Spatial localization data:
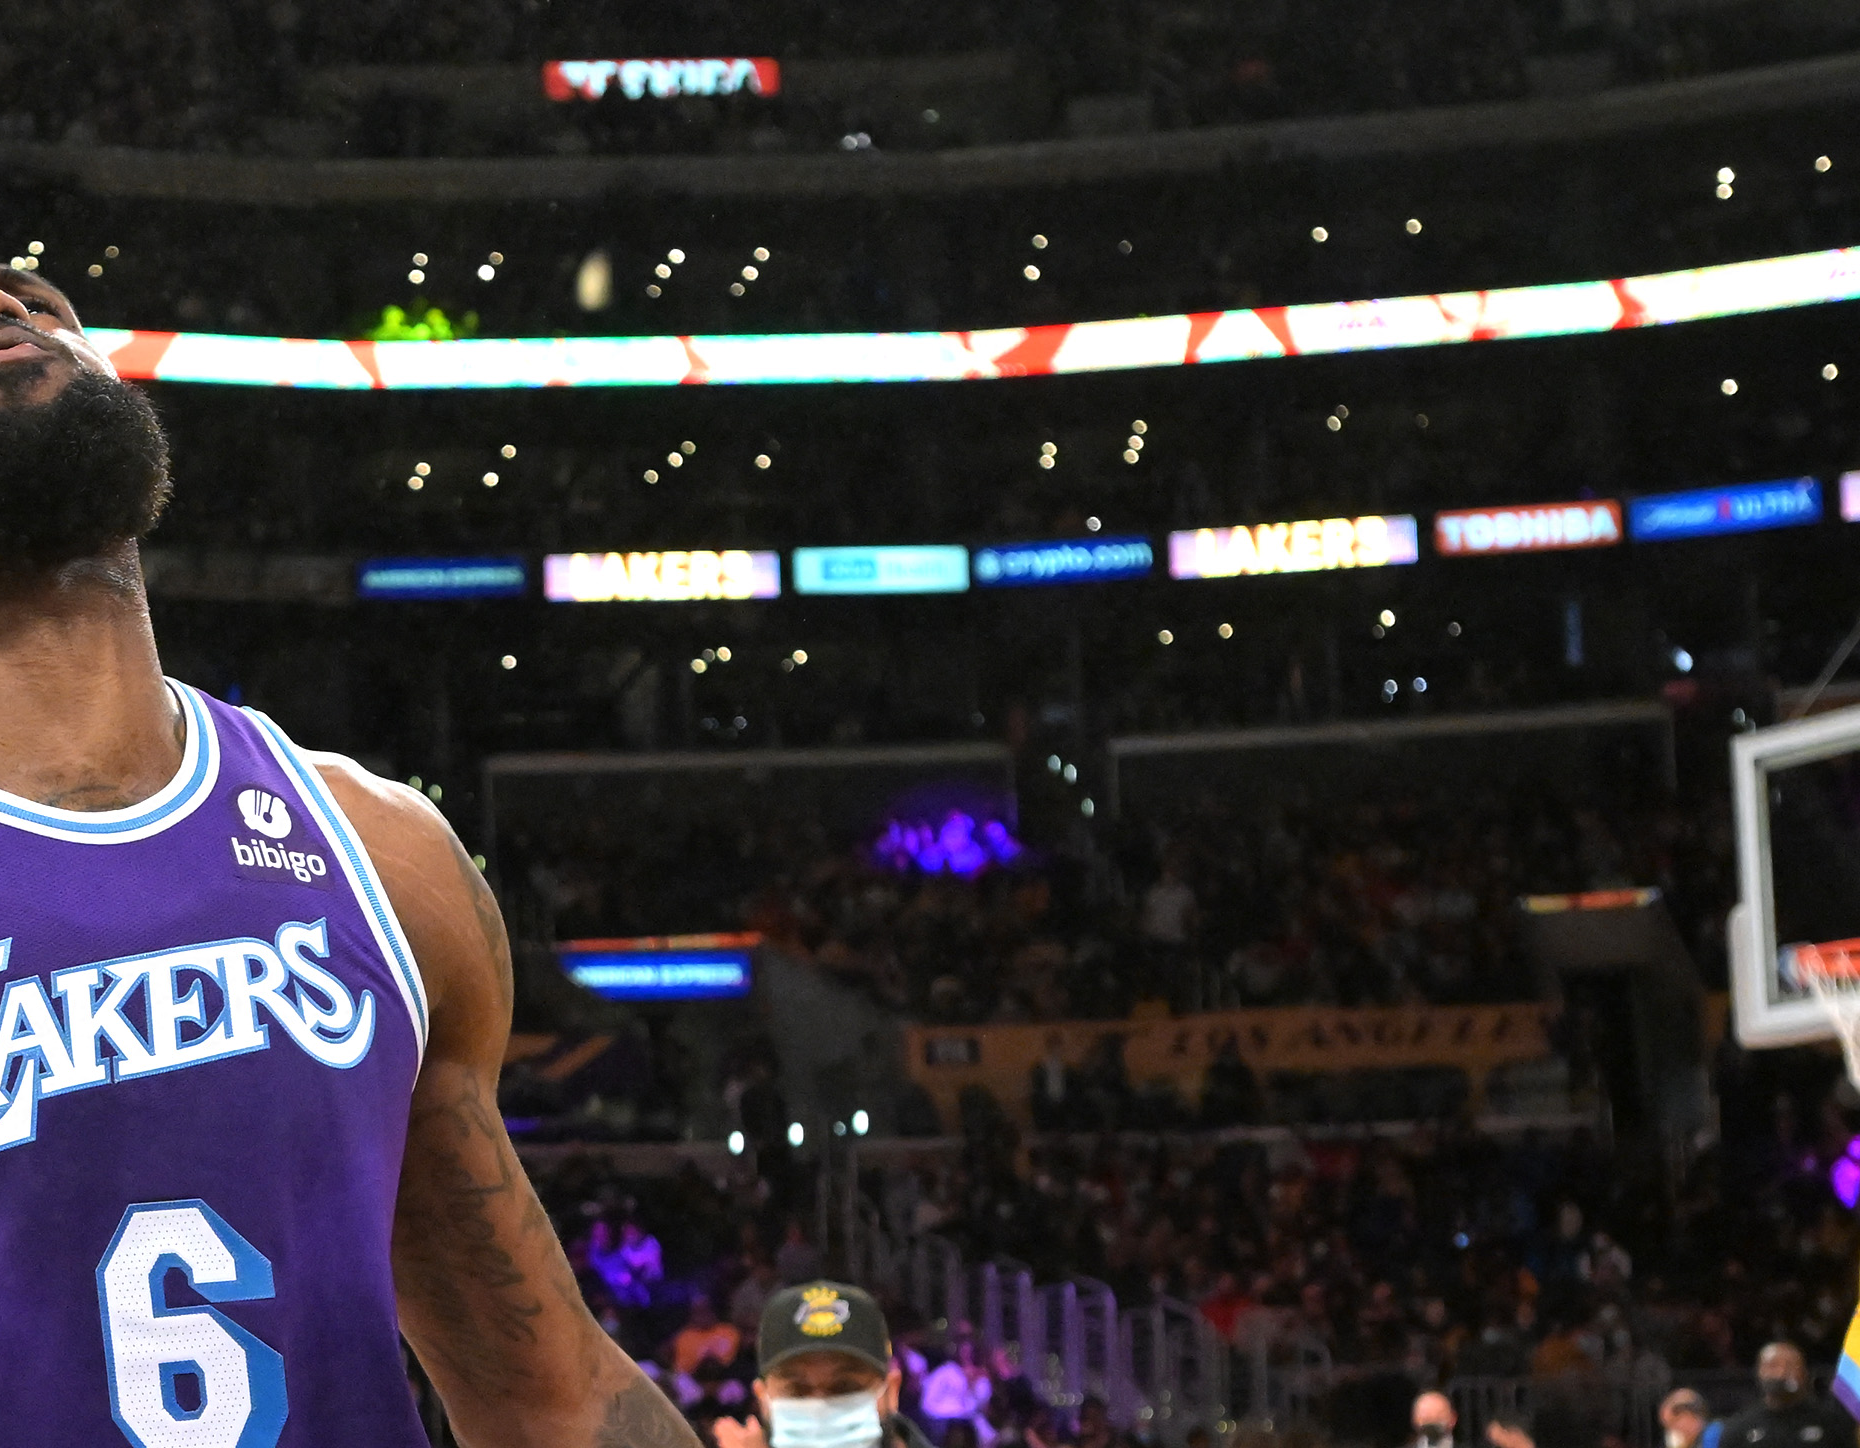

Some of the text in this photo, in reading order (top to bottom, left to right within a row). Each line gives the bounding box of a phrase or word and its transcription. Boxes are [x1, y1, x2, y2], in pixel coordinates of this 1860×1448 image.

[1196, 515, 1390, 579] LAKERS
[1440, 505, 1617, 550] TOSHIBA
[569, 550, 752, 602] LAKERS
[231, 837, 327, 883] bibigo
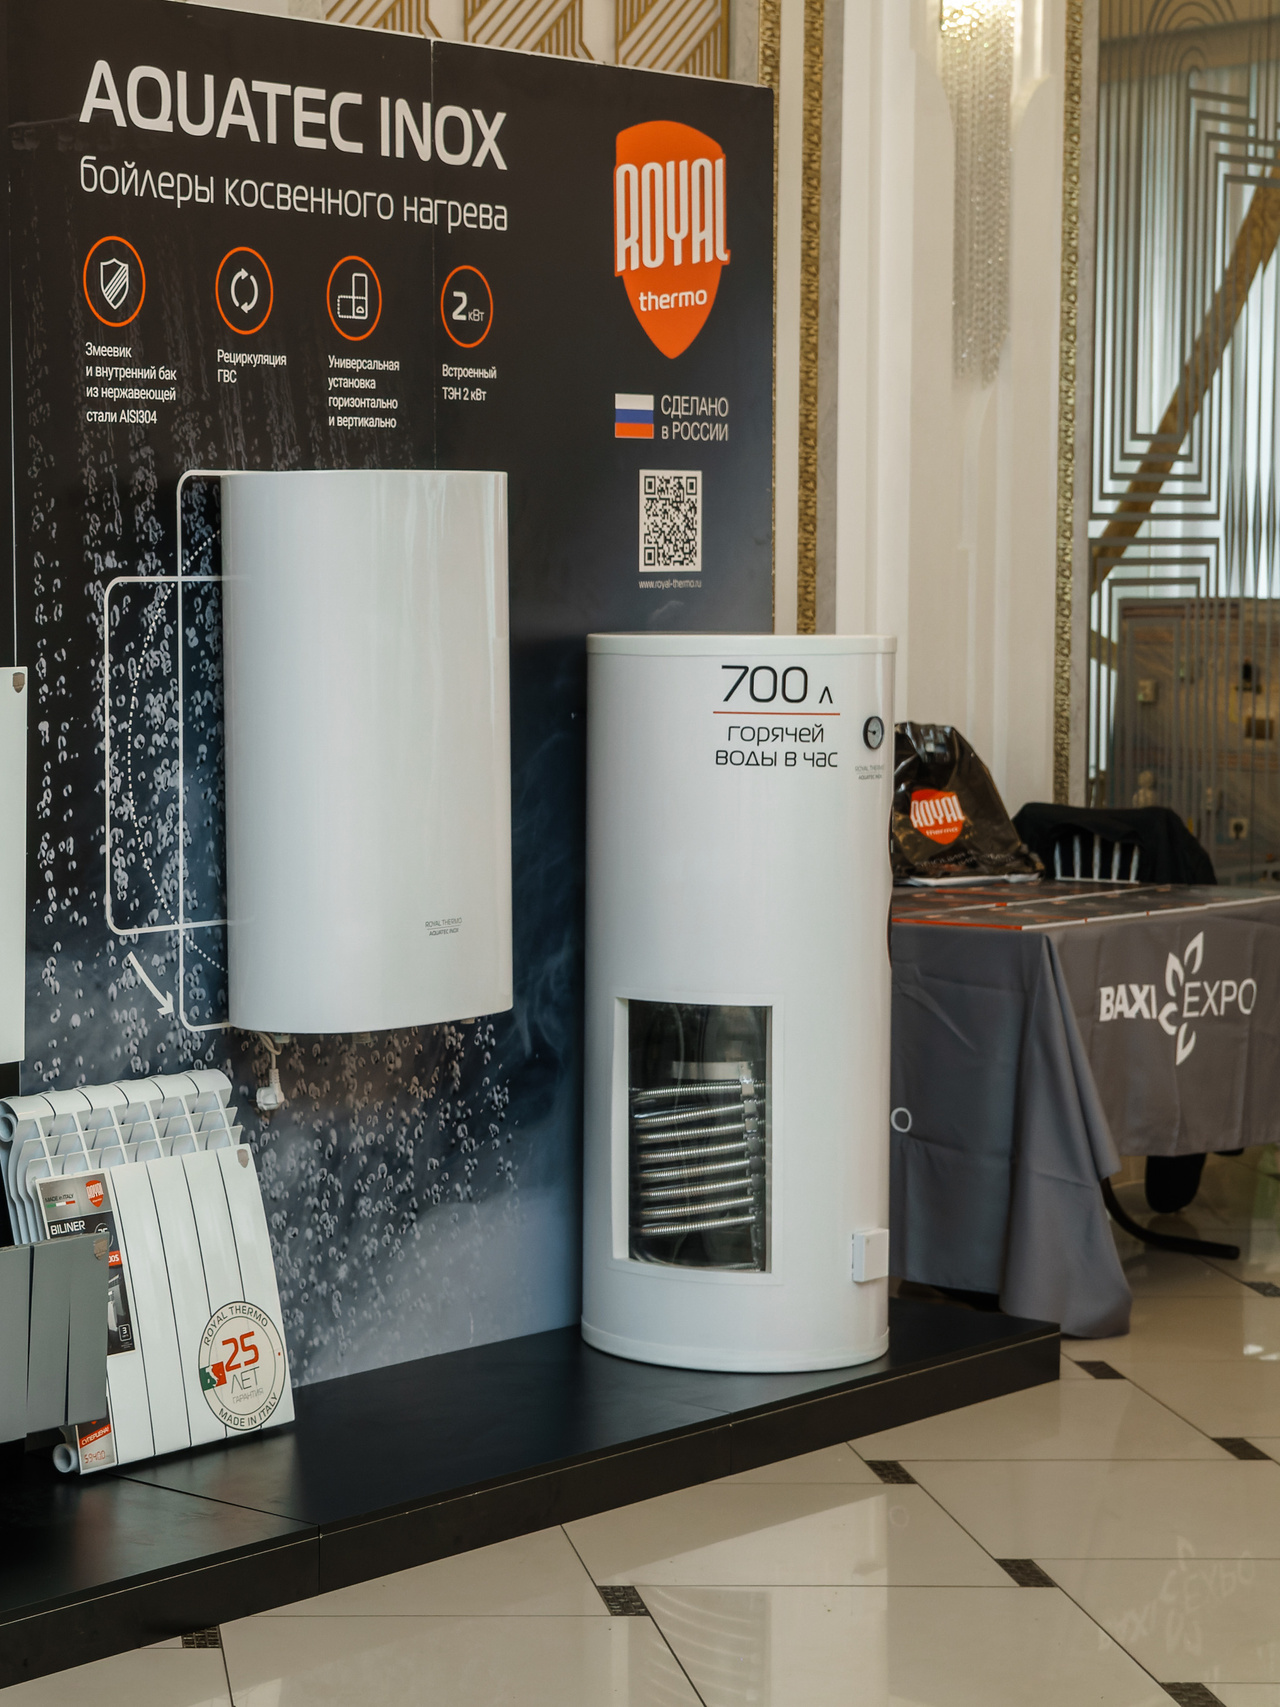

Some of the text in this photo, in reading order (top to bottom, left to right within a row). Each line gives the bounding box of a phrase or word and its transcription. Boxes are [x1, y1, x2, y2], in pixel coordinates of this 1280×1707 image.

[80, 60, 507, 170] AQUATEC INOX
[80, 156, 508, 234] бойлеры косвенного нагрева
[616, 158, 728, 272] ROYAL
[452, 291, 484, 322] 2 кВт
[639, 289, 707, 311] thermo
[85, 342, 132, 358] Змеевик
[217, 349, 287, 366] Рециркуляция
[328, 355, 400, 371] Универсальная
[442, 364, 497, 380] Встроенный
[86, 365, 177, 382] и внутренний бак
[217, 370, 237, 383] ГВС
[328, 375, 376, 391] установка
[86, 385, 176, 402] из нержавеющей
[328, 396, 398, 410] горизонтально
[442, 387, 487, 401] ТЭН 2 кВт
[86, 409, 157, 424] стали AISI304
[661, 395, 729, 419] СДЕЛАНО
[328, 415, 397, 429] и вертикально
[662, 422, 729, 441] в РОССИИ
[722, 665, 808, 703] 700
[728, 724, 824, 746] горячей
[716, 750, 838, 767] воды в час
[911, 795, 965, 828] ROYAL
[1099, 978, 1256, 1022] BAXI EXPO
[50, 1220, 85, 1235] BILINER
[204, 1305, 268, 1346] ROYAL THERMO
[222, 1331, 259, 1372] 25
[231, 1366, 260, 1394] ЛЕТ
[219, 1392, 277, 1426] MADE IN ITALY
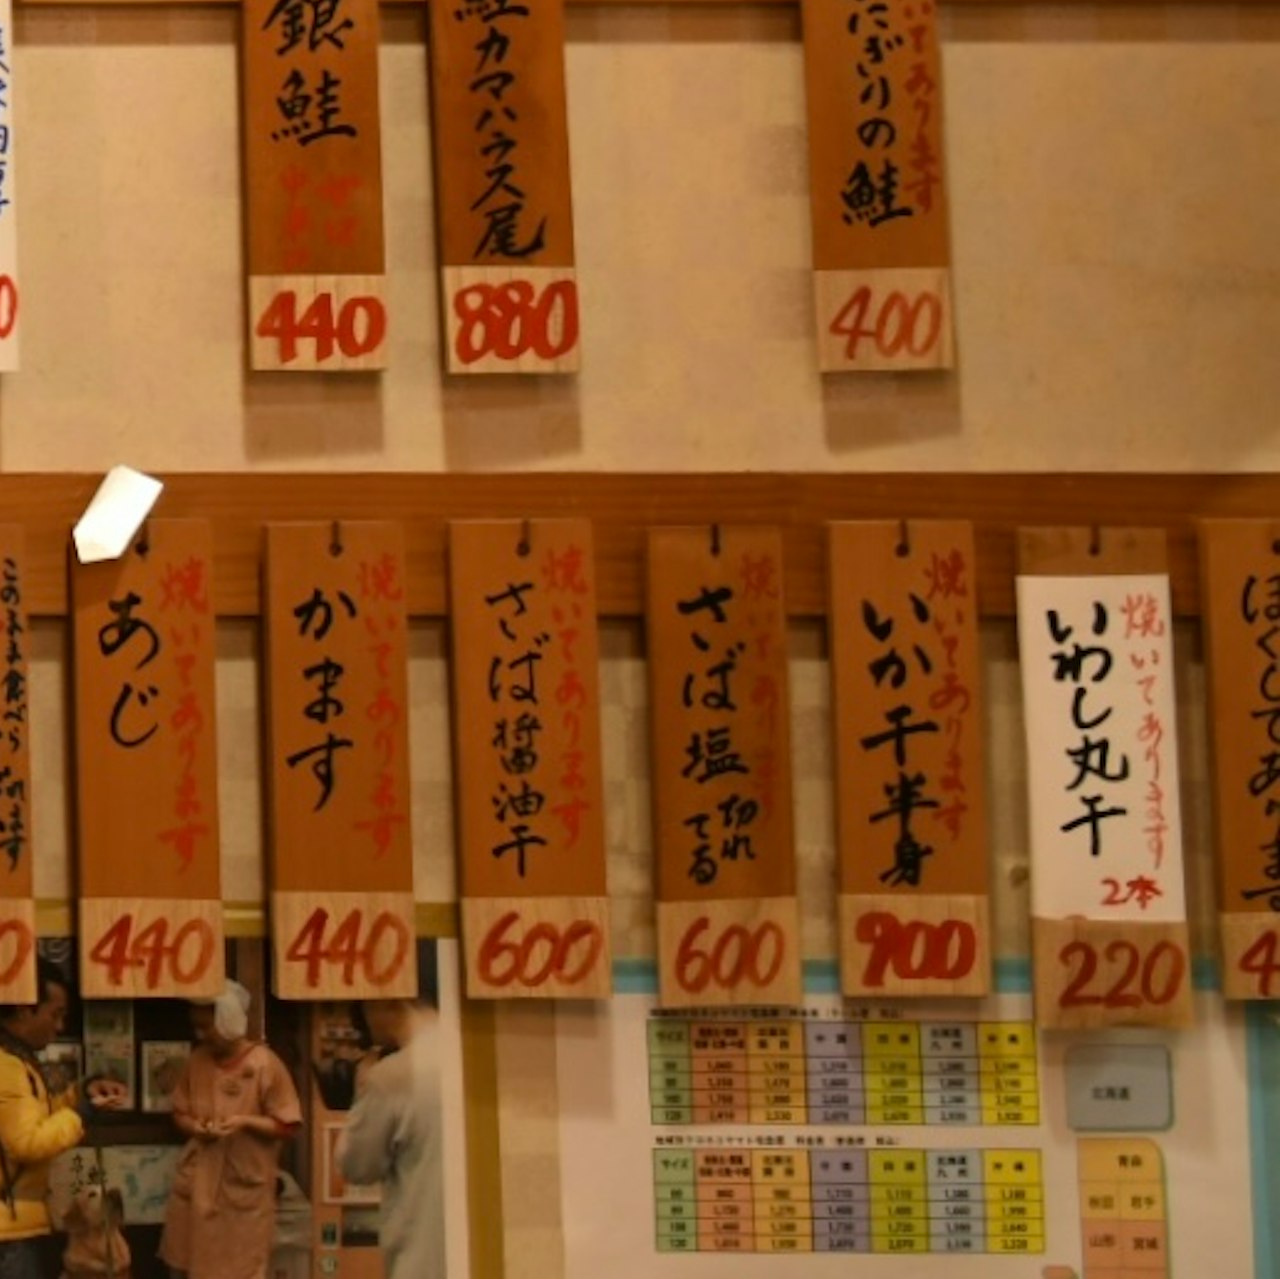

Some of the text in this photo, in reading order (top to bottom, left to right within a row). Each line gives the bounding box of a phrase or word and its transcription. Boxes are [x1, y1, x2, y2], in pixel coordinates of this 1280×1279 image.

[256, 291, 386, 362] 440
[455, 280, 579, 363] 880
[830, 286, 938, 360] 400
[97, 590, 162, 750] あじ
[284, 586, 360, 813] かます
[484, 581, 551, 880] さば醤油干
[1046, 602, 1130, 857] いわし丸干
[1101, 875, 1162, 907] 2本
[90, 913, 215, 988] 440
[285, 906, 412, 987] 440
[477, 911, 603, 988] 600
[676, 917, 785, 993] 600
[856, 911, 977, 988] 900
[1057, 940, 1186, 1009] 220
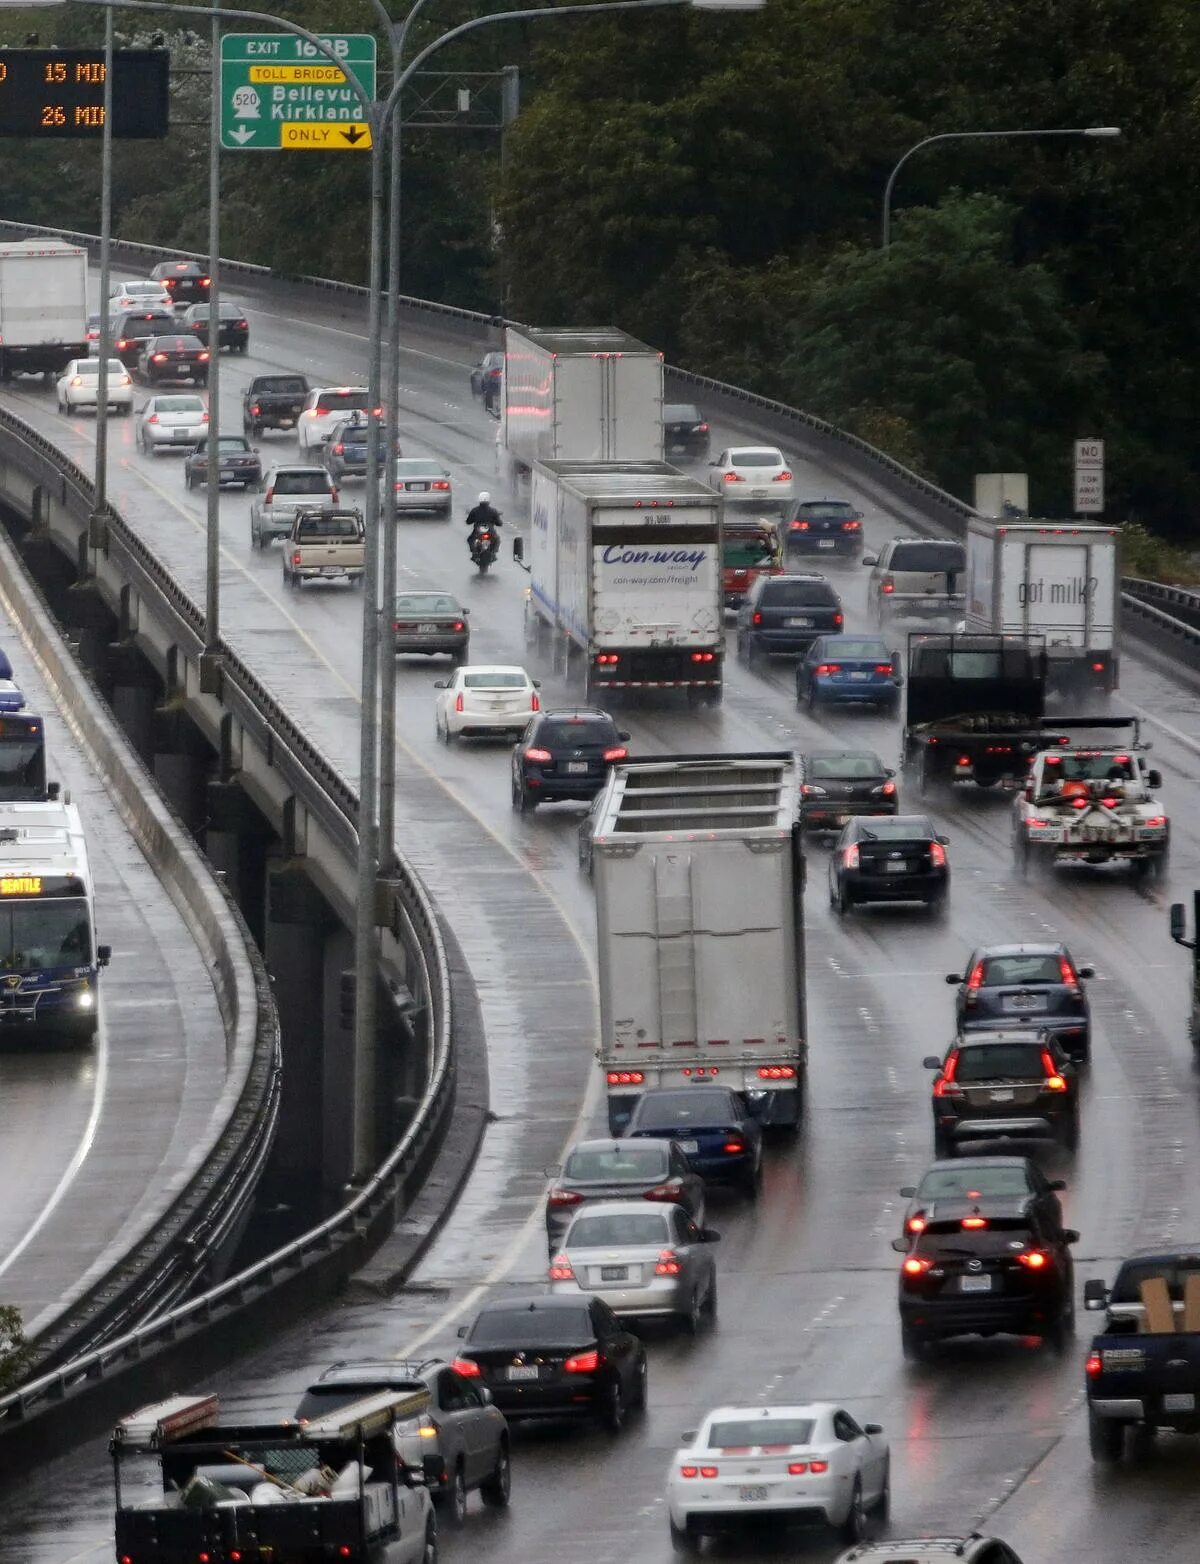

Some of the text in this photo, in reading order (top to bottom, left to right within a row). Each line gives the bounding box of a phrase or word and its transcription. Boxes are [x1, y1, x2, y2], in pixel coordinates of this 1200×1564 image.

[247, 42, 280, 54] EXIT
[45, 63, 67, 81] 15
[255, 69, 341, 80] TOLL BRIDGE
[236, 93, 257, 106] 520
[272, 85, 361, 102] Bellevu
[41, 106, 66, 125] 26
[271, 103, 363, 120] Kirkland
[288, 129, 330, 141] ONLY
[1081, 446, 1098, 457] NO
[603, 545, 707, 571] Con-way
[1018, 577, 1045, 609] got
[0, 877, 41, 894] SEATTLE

WHAT NEEDS TO BE DONE: Copy out all the data above exactly, minus the images.

YOUR SOLUTION:
Some of the text in this photo, in reading order (top to bottom, left to right within a row). Each line gives the bounding box of a phrase or word and its transcription. Boxes are [x1, y1, x2, y2], in pixel coordinates of this 1860×1448 image.

[1196, 515, 1390, 579] LAKERS
[1440, 505, 1617, 550] TOSHIBA
[569, 550, 752, 602] LAKERS
[231, 837, 327, 883] bibigo

Some of the text in this photo, in reading order (top to bottom, left to right within a row). Each line gives the bounding box of a phrase or word and its transcription. Boxes are [x1, y1, x2, y2], in pixel coordinates of this 1280×1707 image.

[80, 60, 507, 170] AQUATEC INOX
[80, 156, 508, 234] бойлеры косвенного нагрева
[616, 158, 728, 272] ROYAL
[452, 291, 484, 322] 2 кВт
[639, 289, 707, 311] thermo
[85, 342, 132, 358] Змеевик
[217, 349, 287, 366] Рециркуляция
[328, 355, 400, 371] Универсальная
[442, 364, 497, 380] Встроенный
[86, 365, 177, 382] и внутренний бак
[217, 370, 237, 383] ГВС
[328, 375, 376, 391] установка
[86, 385, 176, 402] из нержавеющей
[328, 396, 398, 410] горизонтально
[442, 387, 487, 401] ТЭН 2 кВт
[86, 409, 157, 424] стали AISI304
[661, 395, 729, 419] СДЕЛАНО
[328, 415, 397, 429] и вертикально
[662, 422, 729, 441] в РОССИИ
[722, 665, 808, 703] 700
[728, 724, 824, 746] горячей
[716, 750, 838, 767] воды в час
[911, 795, 965, 828] ROYAL
[1099, 978, 1256, 1022] BAXI EXPO
[50, 1220, 85, 1235] BILINER
[204, 1305, 268, 1346] ROYAL THERMO
[222, 1331, 259, 1372] 25
[231, 1366, 260, 1394] ЛЕТ
[219, 1392, 277, 1426] MADE IN ITALY

Some of the text in this photo, in reading order (top to bottom, left to right within a row). Each line gives the bounding box of a phrase or word and its transcription. Boxes are [x1, y1, x2, y2], in pixel coordinates of this 1280×1279 image.

[256, 291, 386, 362] 440
[455, 280, 579, 363] 880
[830, 286, 938, 360] 400
[97, 590, 162, 750] あじ
[284, 586, 360, 813] かます
[484, 581, 551, 880] さば醤油干
[1046, 602, 1130, 857] いわし丸干
[1101, 875, 1162, 907] 2本
[90, 913, 215, 988] 440
[285, 906, 412, 987] 440
[477, 911, 603, 988] 600
[676, 917, 785, 993] 600
[856, 911, 977, 988] 900
[1057, 940, 1186, 1009] 220

Some of the text in this photo, in reading order (top to bottom, left to right within a row). Each line gives the bounding box of a phrase or word and its transcription. Boxes are [x1, y1, x2, y2], in pixel coordinates of this 1200×1564 image.

[247, 42, 280, 54] EXIT
[45, 63, 67, 81] 15
[255, 69, 341, 80] TOLL BRIDGE
[236, 93, 257, 106] 520
[272, 85, 361, 102] Bellevu
[41, 106, 66, 125] 26
[271, 103, 363, 120] Kirkland
[288, 129, 330, 141] ONLY
[1081, 446, 1098, 457] NO
[603, 545, 707, 571] Con-way
[1018, 577, 1045, 609] got
[0, 877, 41, 894] SEATTLE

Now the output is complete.